Character for character, give back every line below.

◆ **Task input**
☆ ☆ ☆
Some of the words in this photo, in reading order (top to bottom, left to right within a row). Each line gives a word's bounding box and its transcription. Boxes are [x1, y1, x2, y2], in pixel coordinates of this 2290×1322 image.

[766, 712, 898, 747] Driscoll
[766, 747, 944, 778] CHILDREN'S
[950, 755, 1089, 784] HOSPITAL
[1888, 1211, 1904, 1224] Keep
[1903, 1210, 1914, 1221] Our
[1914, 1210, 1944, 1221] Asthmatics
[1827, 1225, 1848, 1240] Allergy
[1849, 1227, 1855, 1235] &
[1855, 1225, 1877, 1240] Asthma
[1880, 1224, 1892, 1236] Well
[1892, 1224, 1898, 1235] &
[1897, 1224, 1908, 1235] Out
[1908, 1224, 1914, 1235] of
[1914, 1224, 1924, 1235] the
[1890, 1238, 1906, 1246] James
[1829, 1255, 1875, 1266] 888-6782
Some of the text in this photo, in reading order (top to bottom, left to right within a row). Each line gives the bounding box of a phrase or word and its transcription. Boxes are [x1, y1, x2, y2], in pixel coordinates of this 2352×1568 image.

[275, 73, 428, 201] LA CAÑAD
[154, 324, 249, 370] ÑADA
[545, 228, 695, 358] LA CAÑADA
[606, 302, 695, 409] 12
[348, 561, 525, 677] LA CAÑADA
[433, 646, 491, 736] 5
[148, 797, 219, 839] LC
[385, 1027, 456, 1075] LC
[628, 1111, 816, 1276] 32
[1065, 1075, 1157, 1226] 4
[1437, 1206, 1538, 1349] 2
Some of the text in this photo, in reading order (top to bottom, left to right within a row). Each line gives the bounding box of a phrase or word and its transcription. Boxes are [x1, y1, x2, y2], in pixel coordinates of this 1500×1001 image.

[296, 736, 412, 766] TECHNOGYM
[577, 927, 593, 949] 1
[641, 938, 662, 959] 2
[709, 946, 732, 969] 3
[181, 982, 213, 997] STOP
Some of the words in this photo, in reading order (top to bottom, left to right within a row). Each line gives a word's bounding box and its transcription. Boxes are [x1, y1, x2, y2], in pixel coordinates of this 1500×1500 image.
☆ ☆ ☆
◆ **Task response**
Some of the words in this photo, in reading order (top to bottom, left to right within a row). Each line gives a word's bounding box and its transcription. Boxes are [x1, y1, x2, y2], in pixel coordinates of this 2290×1322 image.

[766, 712, 898, 747] Driscoll
[766, 747, 944, 778] CHILDREN'S
[950, 755, 1089, 784] HOSPITAL
[1888, 1211, 1904, 1224] Keep
[1903, 1210, 1914, 1221] Our
[1914, 1210, 1944, 1221] Asthmatics
[1827, 1225, 1848, 1240] Allergy
[1849, 1227, 1855, 1235] &
[1855, 1225, 1877, 1240] Asthma
[1880, 1224, 1892, 1236] Well
[1892, 1224, 1898, 1235] &
[1897, 1224, 1908, 1235] Out
[1908, 1224, 1914, 1235] of
[1914, 1224, 1924, 1235] the
[1890, 1238, 1906, 1246] James
[1829, 1255, 1875, 1266] 888-6782
Some of the text in this photo, in reading order (top to bottom, left to right within a row). Each line gives the bounding box of a phrase or word and its transcription. Boxes are [x1, y1, x2, y2], in pixel coordinates of this 2352×1568 image.

[275, 73, 428, 201] LA CAÑAD
[154, 324, 249, 370] ÑADA
[545, 228, 695, 358] LA CAÑADA
[606, 302, 695, 409] 12
[348, 561, 525, 677] LA CAÑADA
[433, 646, 491, 736] 5
[148, 797, 219, 839] LC
[385, 1027, 456, 1075] LC
[628, 1111, 816, 1276] 32
[1065, 1075, 1157, 1226] 4
[1437, 1206, 1538, 1349] 2
Some of the text in this photo, in reading order (top to bottom, left to right within a row). Each line gives the bounding box of a phrase or word and its transcription. Boxes are [x1, y1, x2, y2], in pixel coordinates of this 1500×1001 image.

[296, 736, 412, 766] TECHNOGYM
[577, 927, 593, 949] 1
[641, 938, 662, 959] 2
[709, 946, 732, 969] 3
[181, 982, 213, 997] STOP
Some of the words in this photo, in reading order (top to bottom, left to right within a row). Each line gives a word's bounding box and its transcription. Boxes are [x1, y1, x2, y2], in pixel coordinates of this 1500×1500 image.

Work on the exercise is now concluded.